(Referring expression grounding data)
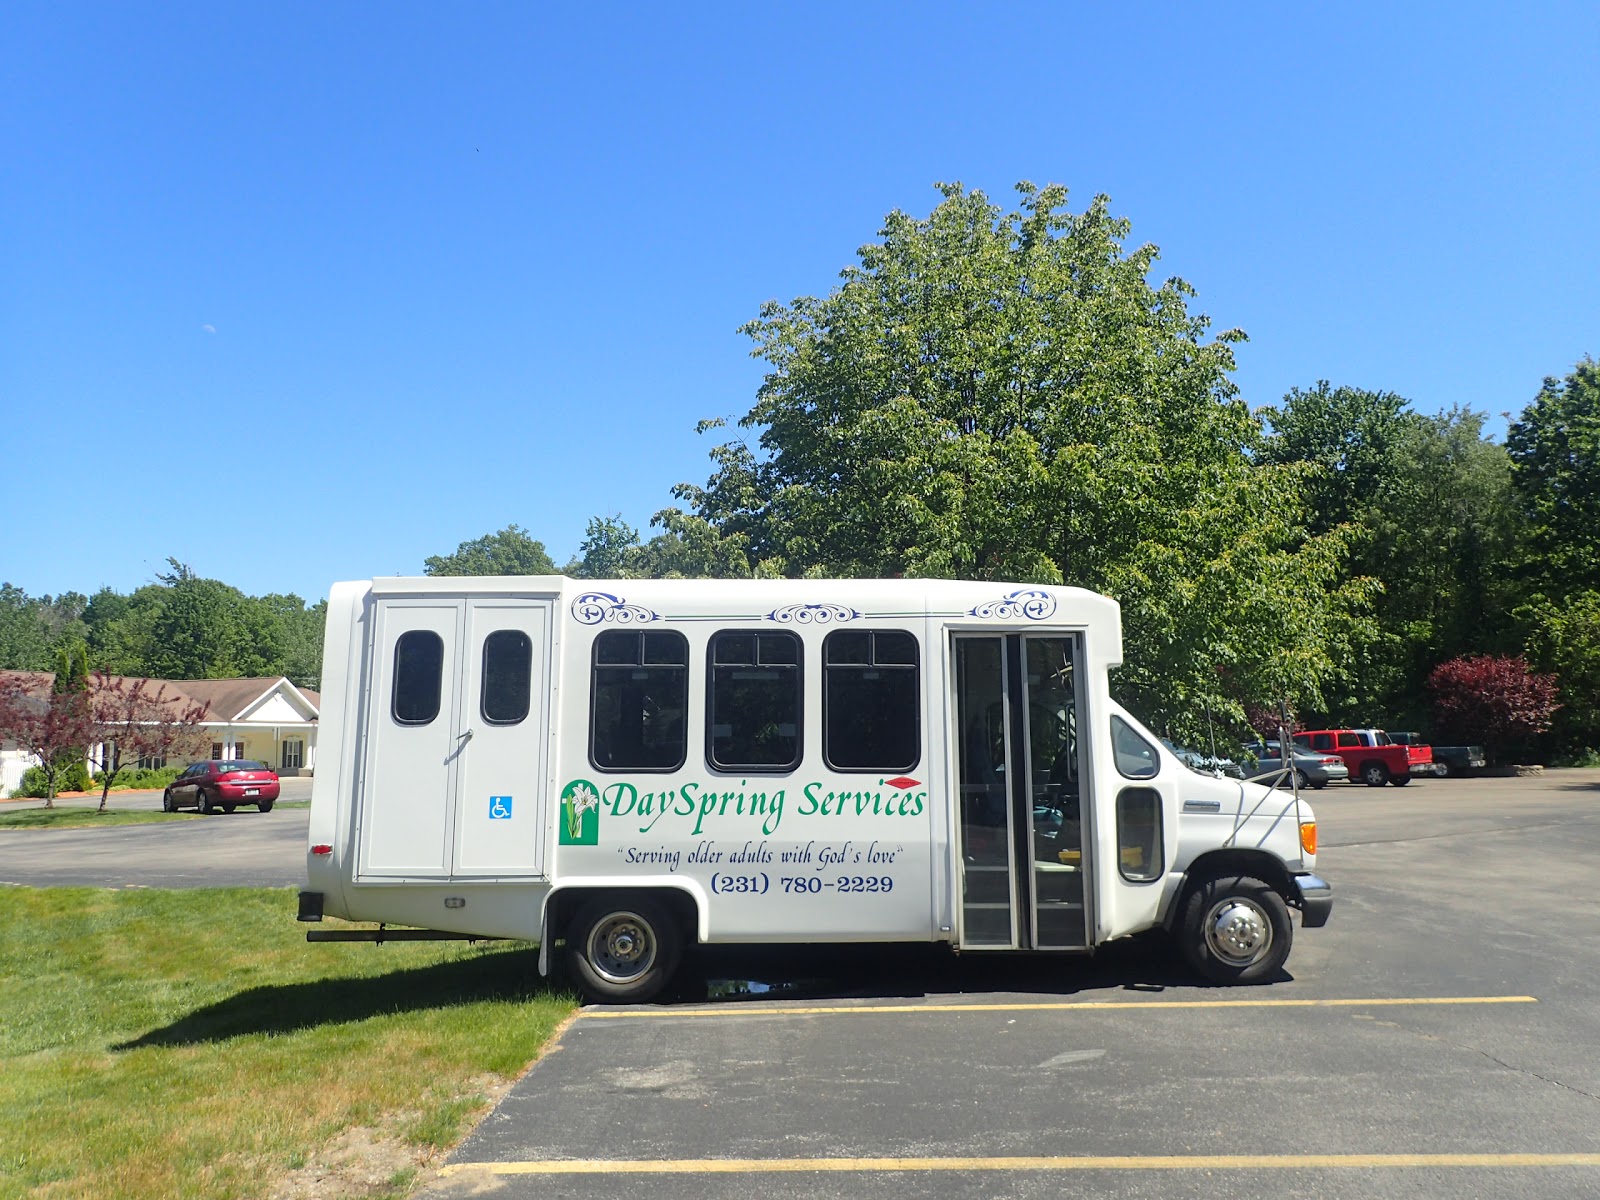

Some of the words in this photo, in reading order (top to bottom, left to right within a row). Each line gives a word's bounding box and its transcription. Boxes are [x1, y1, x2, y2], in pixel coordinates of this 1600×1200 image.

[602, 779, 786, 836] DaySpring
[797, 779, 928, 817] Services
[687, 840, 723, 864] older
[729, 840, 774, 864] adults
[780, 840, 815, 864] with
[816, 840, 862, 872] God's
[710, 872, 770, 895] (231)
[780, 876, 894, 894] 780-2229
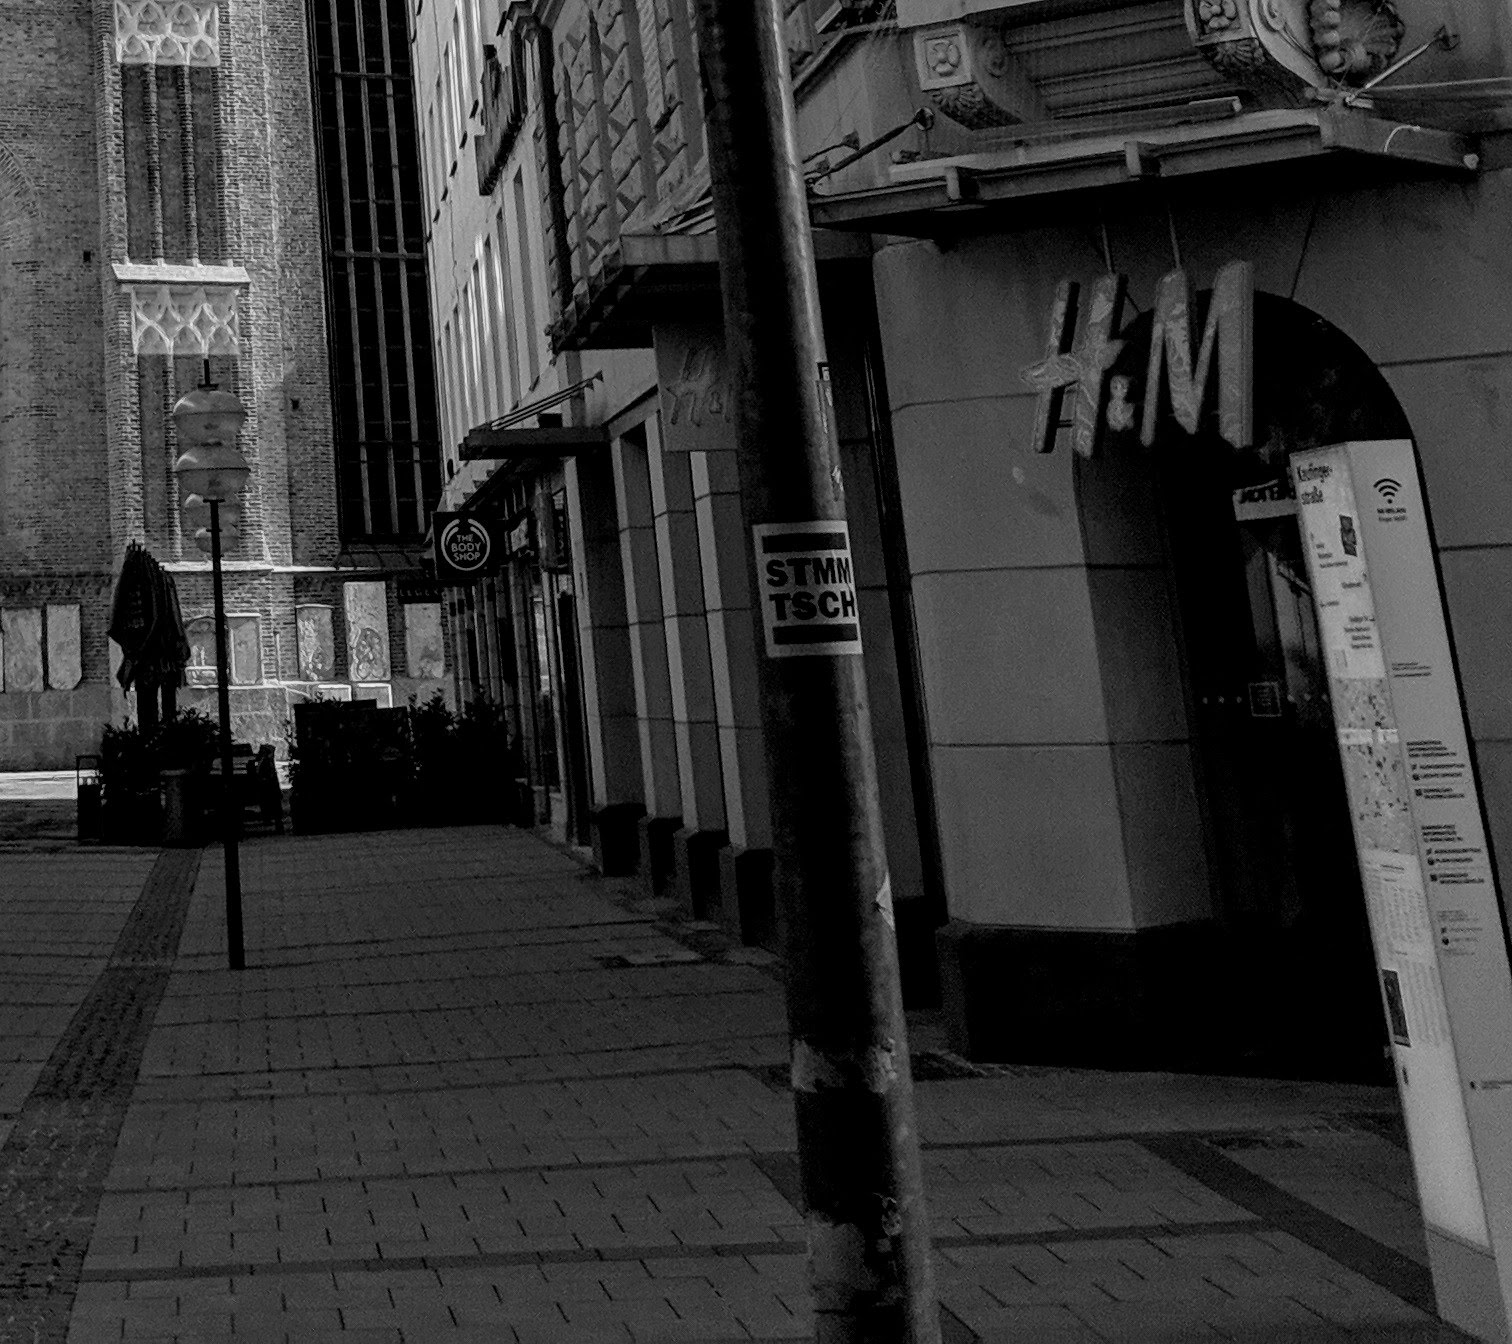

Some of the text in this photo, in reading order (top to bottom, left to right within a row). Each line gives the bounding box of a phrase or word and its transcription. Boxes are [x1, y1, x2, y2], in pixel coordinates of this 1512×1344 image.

* * *

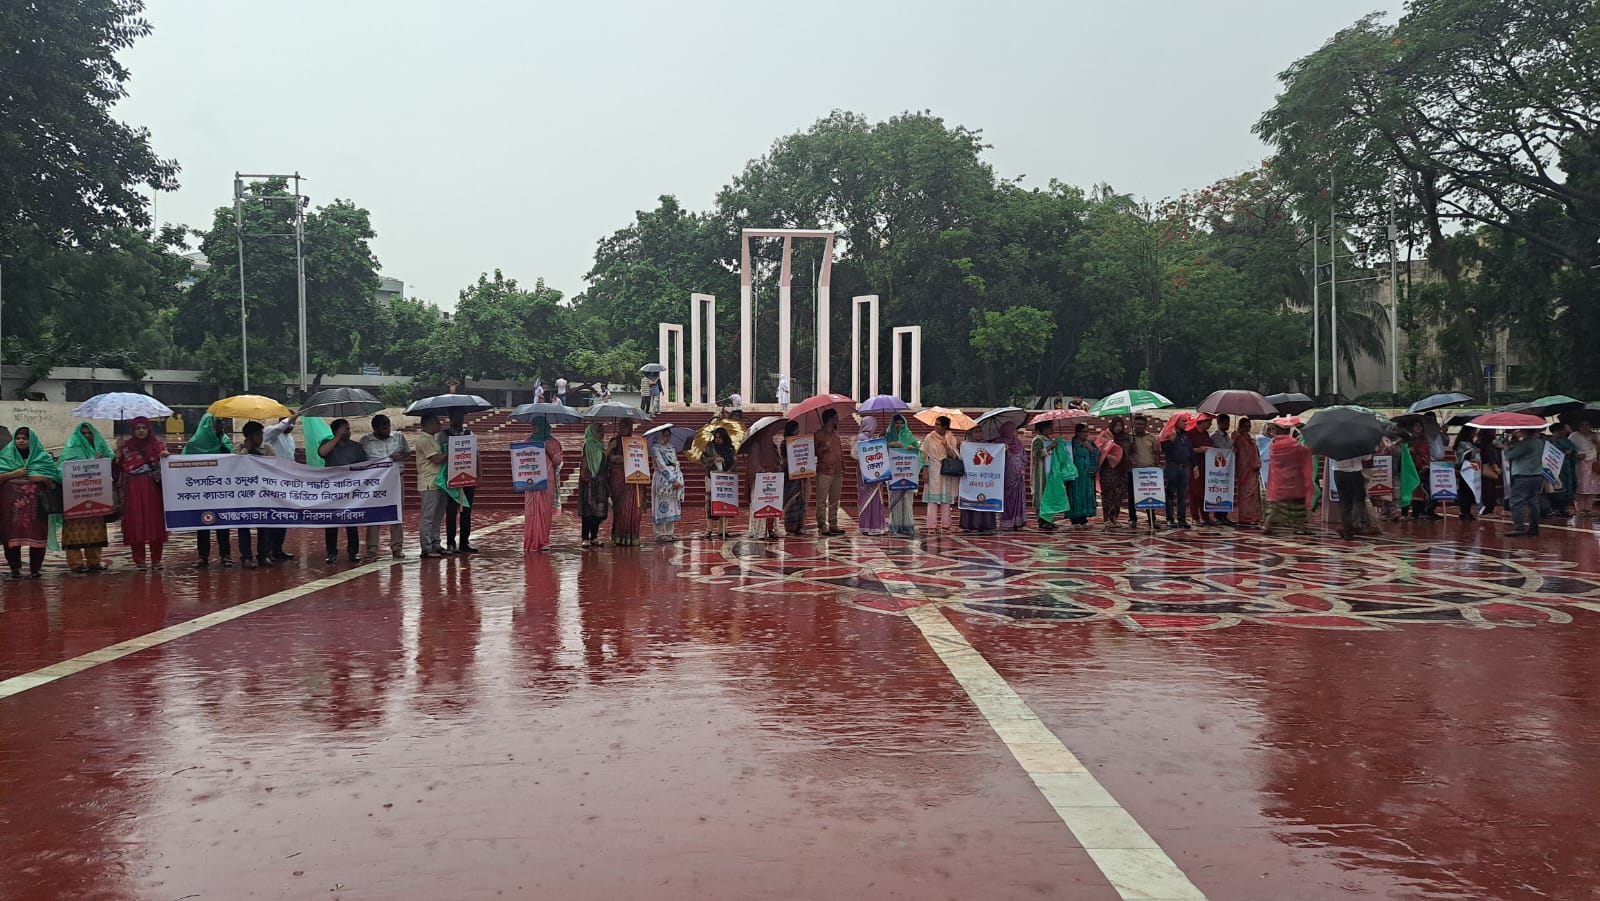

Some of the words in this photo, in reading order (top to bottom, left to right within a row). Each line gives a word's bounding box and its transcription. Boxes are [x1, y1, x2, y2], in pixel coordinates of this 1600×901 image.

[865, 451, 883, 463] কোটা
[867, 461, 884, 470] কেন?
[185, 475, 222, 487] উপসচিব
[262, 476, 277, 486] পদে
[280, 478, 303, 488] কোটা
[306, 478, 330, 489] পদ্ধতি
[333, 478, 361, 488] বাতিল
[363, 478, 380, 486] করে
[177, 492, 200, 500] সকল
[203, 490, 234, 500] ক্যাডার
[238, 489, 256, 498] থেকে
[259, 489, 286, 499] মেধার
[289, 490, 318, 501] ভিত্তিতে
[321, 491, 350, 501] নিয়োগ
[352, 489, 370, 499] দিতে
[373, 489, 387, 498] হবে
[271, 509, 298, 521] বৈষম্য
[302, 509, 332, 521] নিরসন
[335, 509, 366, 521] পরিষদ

_EXERCISE REQUIREMENTS_
Give again, exactly as written above, every line from the one holding "this 1600×1200 image." to the one holding "Some of the text", with both ends kept and the pictures left out.

_RESPONSE TO THE EXERCISE_
Some of the words in this photo, in reading order (top to bottom, left to right within a row). Each line gives a word's bounding box and its transcription. Boxes are [x1, y1, x2, y2], in pixel coordinates of this 1600×1200 image.

[602, 779, 786, 836] DaySpring
[797, 779, 928, 817] Services
[687, 840, 723, 864] older
[729, 840, 774, 864] adults
[780, 840, 815, 864] with
[816, 840, 862, 872] God's
[710, 872, 770, 895] (231)
[780, 876, 894, 894] 780-2229

Some of the text in this photo, in reading order (top to bottom, left to right within a row). Each line gives the bounding box of a phrase or word and its transcription. Boxes are [x1, y1, x2, y2], in pixel coordinates of this 1512×1344 image.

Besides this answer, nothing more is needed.